Mineral and Bone Disease After Kidney Transplantation: Risk of Fracture, Graft Dysfunction and Mortality - a Review

The mineral and bone disease of chronic kidney disease (CKD-MBD) is a combination of three components: abnormalities in calcium, phosphorus, PTH, fibroblast growth factor 23 (FGF23) and vitamin D metabolism; abnormalities of bone metabolism, mineralization, volume, growth and strength; and vascular and other soft tissue calcification. During the natural course of kidney disease, there is an increase in FGF23 levels, inhibition of calcitriol production, secondary hyperparathyroidism, hypocalcemia and hyperphosphatemia. These changes have consequences on the cardiovascular and bone systems. Regarding cardiovascular disease, left ventricular hypertrophy is highlighted, associated with an increase in FGF23 and vascular calcification, directly related to hyperphosphatemia. The main types of bone disease are cystic fibrous osteitis (high turnover) and adynamic bone disease (low turnover), both of which are associated with a high risk of fracture in this population. Successful kidney transplantation (KT) does not fully correct the mineral, bone and cardiovascular abnormalities generated by CKD-MBD. In the first months after transplantation, PTH and FGF23 levels remain elevated in most patients. There is an increase in the production of calcitriol by the graft. These are the main alterations responsible for a mineral phenotype that resembles primary hyperparathyroidism, with hypercalcemia, hypophosphatemia and elevated PTH levels. Cardiovascular disease does not revert after KT and the transplant patient has a higher cardiovascular risk than the general population. In relation to bone disease, in addition to the pre-existing bone alteration, specific factors of the post-KT period add damage to the bone, especially the use of corticosteroids. The main types of bone disease in renal transplant patients are bone fracture, renal osteodystrophy, osteoporosis and osteonecrosis.

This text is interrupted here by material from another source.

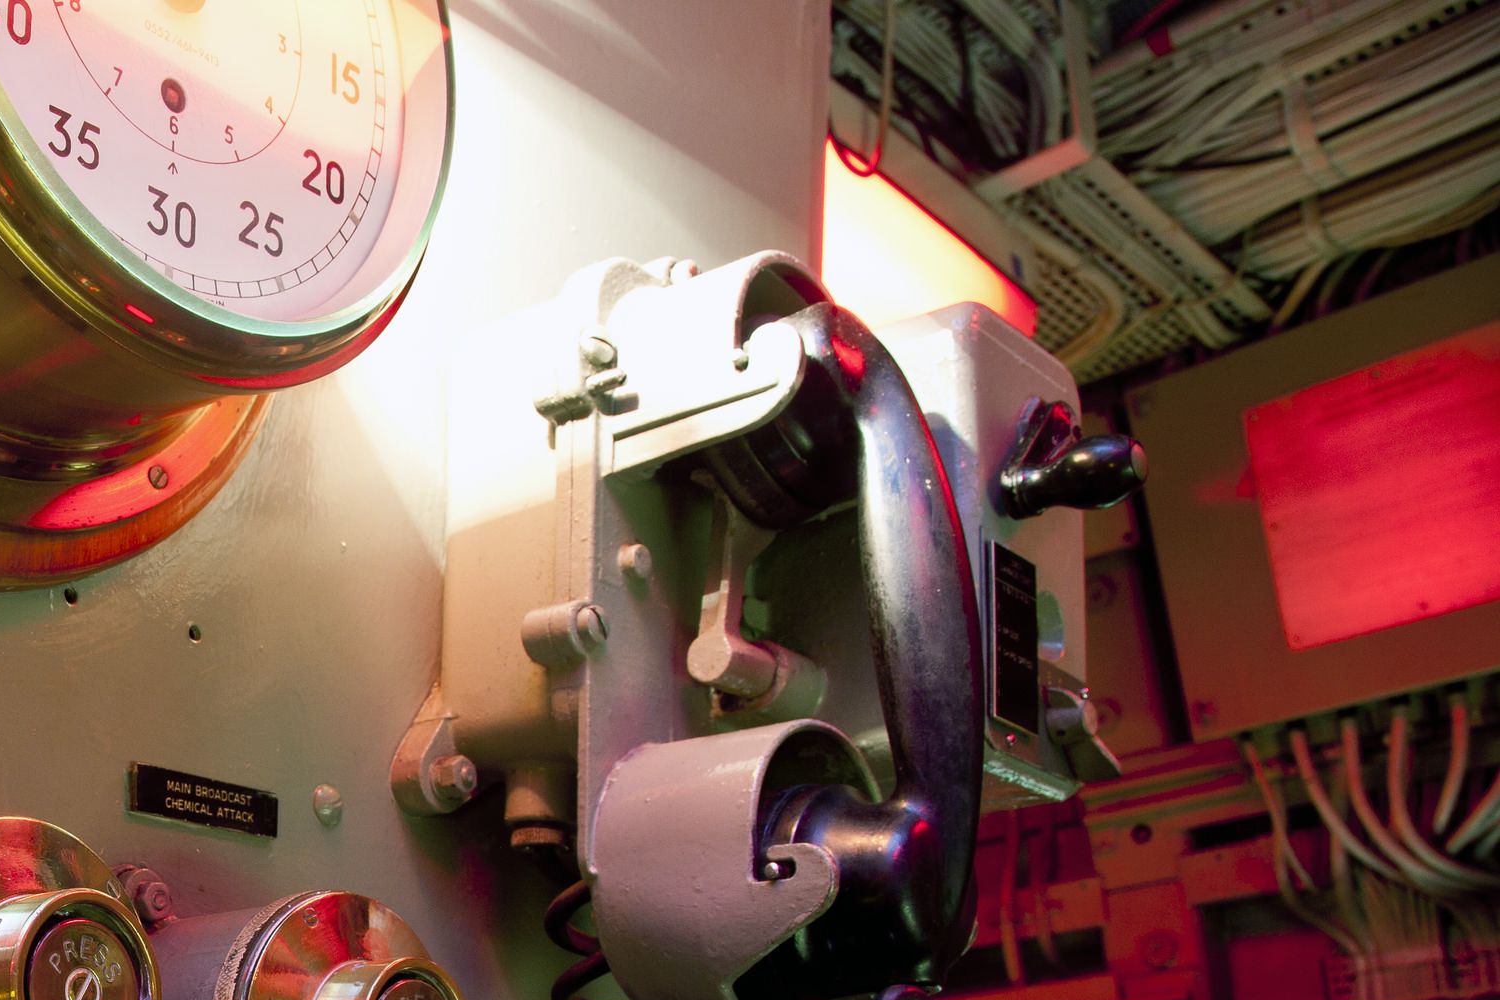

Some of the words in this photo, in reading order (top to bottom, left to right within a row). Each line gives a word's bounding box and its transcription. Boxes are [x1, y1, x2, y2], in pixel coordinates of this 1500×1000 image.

CKD-MBD is a complex disease that affects patients with CKD, increasing their morbidity and mortality. KT does not fully reverse the disease and still adds other specific risk factors that make its approach challenging. This review sought to show the association between the bone mineral disease of chronic kidney disease and the risk of fractures, vascular and other tissue calcifications, graft dysfunction and kidney transplant patient mortality.